• _Problem to solve_
I'd like the entries reproduced exactly, with all pictures omitted.

• _Dataset entries_
====
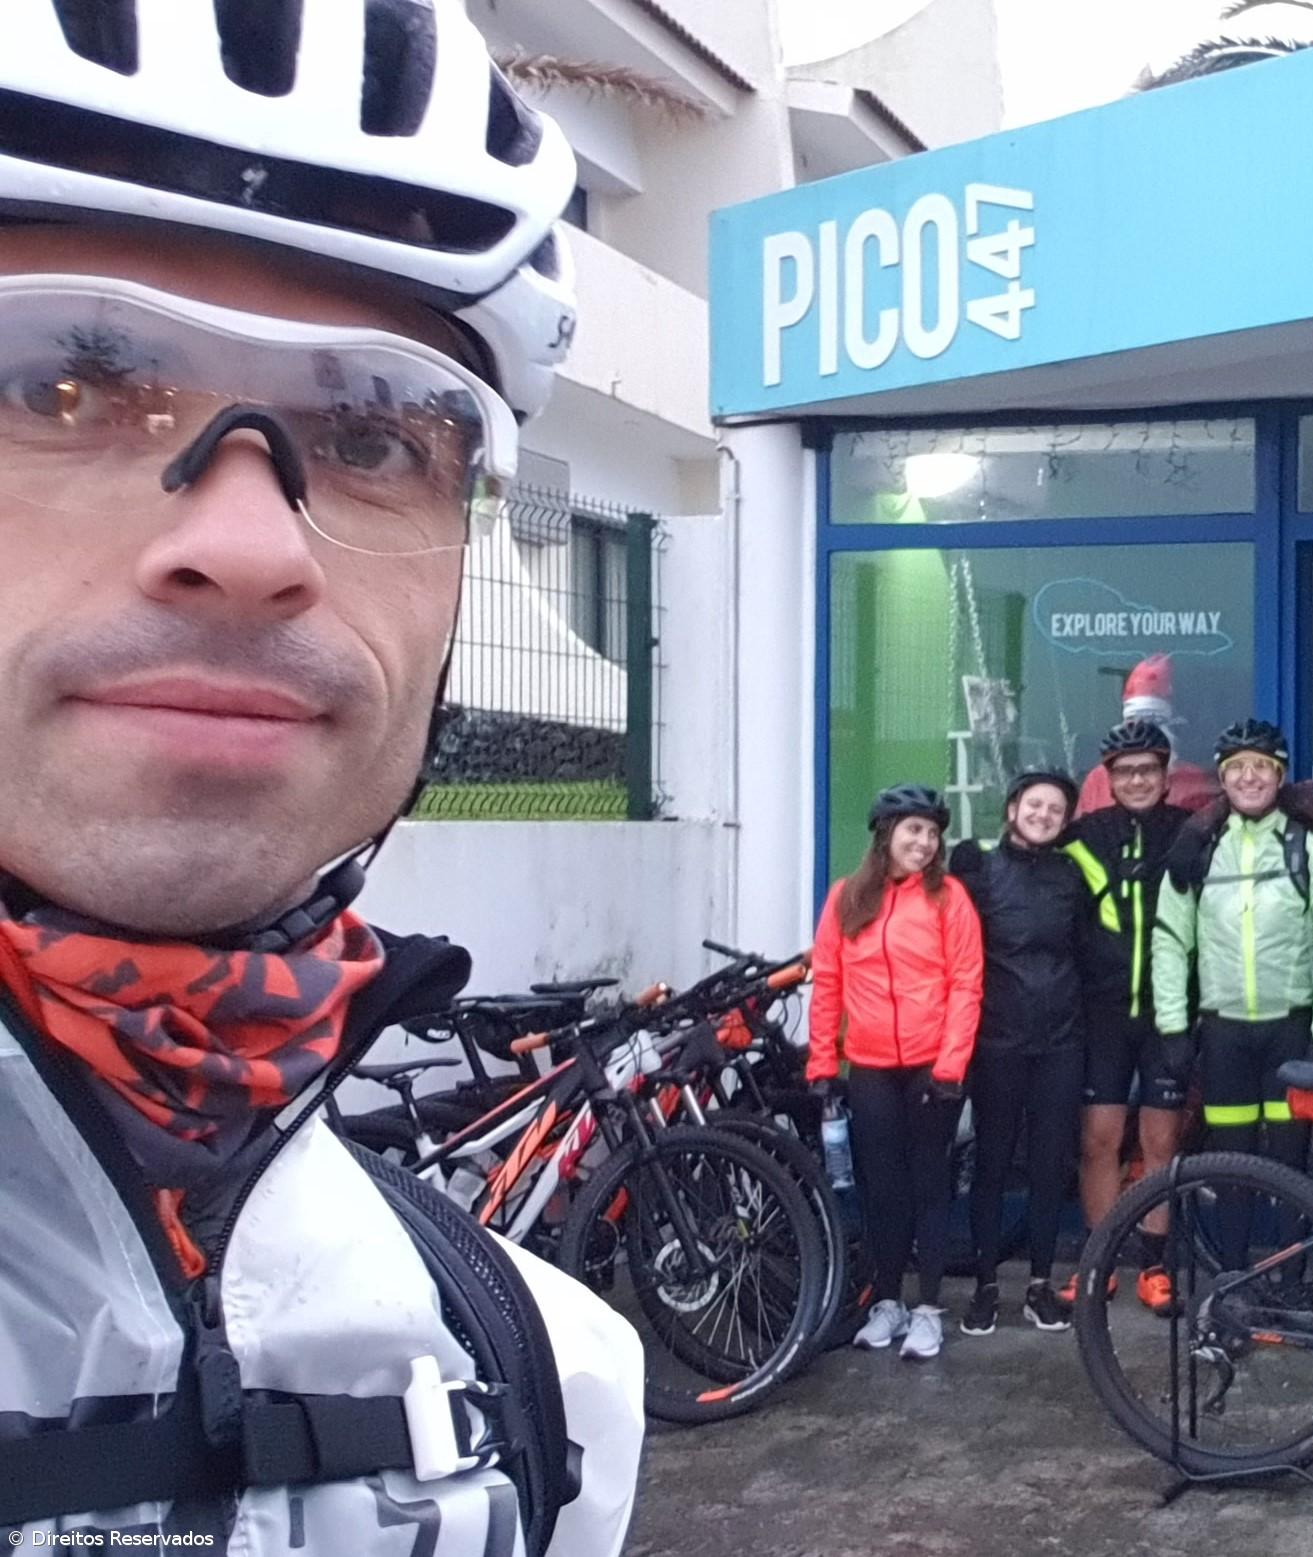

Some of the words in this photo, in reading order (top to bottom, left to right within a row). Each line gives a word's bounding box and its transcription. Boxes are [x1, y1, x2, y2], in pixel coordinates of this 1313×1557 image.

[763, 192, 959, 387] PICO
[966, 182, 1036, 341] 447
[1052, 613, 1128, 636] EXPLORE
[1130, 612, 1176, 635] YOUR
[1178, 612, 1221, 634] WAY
====
• _Reply_
Some of the words in this photo, in reading order (top to bottom, left to right within a row). Each line gives a word's bounding box and its transcription. Boxes are [x1, y1, x2, y2], in pixel coordinates of this 1313×1557 image.

[763, 192, 959, 387] PICO
[966, 182, 1036, 341] 447
[1052, 613, 1128, 636] EXPLORE
[1130, 612, 1176, 635] YOUR
[1178, 612, 1221, 634] WAY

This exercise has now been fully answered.